Серые, грустные люди шли по улице Октябрьских Зорь, поглядывали исподлобья на странного человека с кисточкой в руке, в шутовском берете и нелепых штанах. Некоторые сердито сплевывали в сторону, другие смеялись, прикрывая ладонью раззявленные рты.

- А как вас зовут, а, дяденька? - дернув художника за рукав пиджака, спросила Мири.

- Посмотри и запомни! - развернув Мири лицом к треугольной картинке, торжественно объявил художник.

Мири вгляделась. По правому срезу картона, во всю его длину, были нарисованы шагающие вразброд, прогуливающиеся сами по себе буквы: Матвей Кац.
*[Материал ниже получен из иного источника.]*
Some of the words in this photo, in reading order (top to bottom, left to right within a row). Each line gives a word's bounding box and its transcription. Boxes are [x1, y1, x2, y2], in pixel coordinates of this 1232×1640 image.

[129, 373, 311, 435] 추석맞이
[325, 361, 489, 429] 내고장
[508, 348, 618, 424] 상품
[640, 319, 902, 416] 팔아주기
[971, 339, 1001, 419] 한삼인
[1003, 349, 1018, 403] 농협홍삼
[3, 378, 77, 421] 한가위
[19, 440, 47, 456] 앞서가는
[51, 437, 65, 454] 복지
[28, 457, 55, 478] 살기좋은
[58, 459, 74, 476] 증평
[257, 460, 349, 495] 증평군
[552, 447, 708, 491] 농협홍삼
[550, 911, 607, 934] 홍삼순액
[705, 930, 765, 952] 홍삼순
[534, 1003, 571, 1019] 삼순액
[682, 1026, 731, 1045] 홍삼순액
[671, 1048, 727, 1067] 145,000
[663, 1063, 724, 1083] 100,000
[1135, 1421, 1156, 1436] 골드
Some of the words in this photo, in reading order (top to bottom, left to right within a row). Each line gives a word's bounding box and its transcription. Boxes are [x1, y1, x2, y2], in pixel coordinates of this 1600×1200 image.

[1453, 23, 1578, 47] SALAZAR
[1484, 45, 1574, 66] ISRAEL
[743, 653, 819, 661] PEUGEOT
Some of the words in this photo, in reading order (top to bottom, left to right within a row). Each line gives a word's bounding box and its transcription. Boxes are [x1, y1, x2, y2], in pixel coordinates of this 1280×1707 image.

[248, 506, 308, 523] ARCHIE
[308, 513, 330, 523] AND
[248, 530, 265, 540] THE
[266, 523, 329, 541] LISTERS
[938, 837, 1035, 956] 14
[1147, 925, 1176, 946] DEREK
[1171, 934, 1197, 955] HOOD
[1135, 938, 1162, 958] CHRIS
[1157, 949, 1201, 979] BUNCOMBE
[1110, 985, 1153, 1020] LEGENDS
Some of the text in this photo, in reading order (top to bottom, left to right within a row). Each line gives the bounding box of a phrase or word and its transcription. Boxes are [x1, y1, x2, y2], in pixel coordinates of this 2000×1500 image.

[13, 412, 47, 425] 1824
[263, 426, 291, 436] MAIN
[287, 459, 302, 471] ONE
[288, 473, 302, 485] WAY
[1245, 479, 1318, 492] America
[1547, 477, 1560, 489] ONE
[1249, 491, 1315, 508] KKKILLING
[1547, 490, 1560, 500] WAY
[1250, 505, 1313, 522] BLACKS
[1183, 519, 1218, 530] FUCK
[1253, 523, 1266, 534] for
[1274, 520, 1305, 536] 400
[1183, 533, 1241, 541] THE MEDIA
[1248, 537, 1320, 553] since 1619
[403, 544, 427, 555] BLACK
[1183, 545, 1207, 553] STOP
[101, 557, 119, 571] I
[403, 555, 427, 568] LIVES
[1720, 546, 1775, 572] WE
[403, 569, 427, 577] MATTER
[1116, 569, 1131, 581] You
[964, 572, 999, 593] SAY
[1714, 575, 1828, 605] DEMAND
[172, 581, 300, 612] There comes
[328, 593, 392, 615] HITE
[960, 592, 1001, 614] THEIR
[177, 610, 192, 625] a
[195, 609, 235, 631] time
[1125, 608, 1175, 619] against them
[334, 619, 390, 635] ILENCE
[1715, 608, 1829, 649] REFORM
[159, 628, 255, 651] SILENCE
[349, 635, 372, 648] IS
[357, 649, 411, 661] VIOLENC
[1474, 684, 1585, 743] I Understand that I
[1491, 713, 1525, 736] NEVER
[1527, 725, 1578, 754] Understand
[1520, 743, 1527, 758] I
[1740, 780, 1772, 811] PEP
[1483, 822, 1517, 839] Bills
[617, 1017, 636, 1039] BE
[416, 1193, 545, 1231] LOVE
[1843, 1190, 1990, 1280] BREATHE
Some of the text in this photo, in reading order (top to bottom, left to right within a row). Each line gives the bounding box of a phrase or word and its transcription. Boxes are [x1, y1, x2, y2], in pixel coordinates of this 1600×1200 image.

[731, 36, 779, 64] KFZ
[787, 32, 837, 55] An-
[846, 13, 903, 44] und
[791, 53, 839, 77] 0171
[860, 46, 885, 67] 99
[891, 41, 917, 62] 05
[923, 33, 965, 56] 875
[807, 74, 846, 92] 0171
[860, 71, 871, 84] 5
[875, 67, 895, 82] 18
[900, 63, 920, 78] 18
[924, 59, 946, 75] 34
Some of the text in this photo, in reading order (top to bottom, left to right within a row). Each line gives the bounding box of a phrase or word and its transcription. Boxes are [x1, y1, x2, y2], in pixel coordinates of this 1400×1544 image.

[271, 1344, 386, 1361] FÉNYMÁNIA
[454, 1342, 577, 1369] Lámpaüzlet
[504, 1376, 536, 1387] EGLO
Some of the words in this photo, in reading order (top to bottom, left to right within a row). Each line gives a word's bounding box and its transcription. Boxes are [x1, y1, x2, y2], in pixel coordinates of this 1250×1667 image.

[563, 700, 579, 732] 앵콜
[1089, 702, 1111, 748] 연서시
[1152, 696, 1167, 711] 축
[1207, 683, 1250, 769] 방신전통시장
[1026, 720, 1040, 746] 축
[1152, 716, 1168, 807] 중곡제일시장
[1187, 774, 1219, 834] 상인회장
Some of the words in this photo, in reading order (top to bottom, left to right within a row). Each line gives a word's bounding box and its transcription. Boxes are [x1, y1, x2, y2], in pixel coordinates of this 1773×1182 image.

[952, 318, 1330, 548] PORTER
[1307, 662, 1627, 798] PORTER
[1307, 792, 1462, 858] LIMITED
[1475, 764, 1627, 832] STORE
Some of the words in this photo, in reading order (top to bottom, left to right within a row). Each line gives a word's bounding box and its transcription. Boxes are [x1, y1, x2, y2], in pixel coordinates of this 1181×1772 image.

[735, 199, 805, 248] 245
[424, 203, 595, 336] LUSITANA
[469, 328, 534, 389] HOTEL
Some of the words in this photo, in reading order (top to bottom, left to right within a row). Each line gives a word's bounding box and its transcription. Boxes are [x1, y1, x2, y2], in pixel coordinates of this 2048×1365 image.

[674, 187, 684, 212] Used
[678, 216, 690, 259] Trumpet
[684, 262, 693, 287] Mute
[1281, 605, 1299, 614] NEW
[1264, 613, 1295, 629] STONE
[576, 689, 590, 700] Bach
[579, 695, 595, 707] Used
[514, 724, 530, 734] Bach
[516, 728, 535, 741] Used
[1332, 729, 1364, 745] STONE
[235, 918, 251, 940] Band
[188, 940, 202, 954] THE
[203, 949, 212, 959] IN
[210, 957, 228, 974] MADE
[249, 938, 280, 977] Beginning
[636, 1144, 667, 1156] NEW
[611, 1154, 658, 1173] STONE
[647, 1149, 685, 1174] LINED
Кругл мир, и тесен, и, если зажмурить глаза, полон чудес.

8. Душелом

На электронном табло над креслом Стефа Рунича зажглась предупредительная надпись: "Пристегнуть ремни безопасности". Внизу и справа, в прорехах между облаками, открылась панорама Нью-Йорка. Самолет заходил на посадку, пассажиров бизнес-класса напоследок обносили шампанским и минеральной водой.

Все случается, без интереса поглядывая в иллюминатор, рассуждал и прикидывал Стеф, все случается в этой жизни. Вот, принято говорить: "С корабля на бал"; все к этому привыкли. А тут все случилось как раз с точностью до наоборот: вчера первый показ Каца, журналисты, телевидение, роскошный банкет в галерее - а оттуда прямиком на корабль, на самолет. И вот уже Америка, и статуя Свободы приветствует со своего островка подлетающих со всех концов света искателей приключений.

С Магдой решили, подписали: по всему свету искать и приобретать работы Матвея Каца, русского авангардиста первого ряда, ряда четверки великих: Малевича, Лисицкого, Филонова, Татлина. Кац - пятый.

Магда, действительно, могла обескуражить, ошарашить. После банкета, когда гости откланялись и разъехались в своих "мерседесах" и "поршах", Магда с таинственной полуулыбкой поманила Стефа в нижнюю гостиную. Там, на стеклянном столе с золотым проблеском, лежала картина, написанная маслом на треугольном куске картона: зеленая улица, вечереет, кошка всматривается в голубой полумрак рубиновыми глазами, черный чугунный всадник занес шашку над тихим миром - и художник в фантастической, невозможной одежде стоит за мольбертом с кистью в руке. Матвей Кац.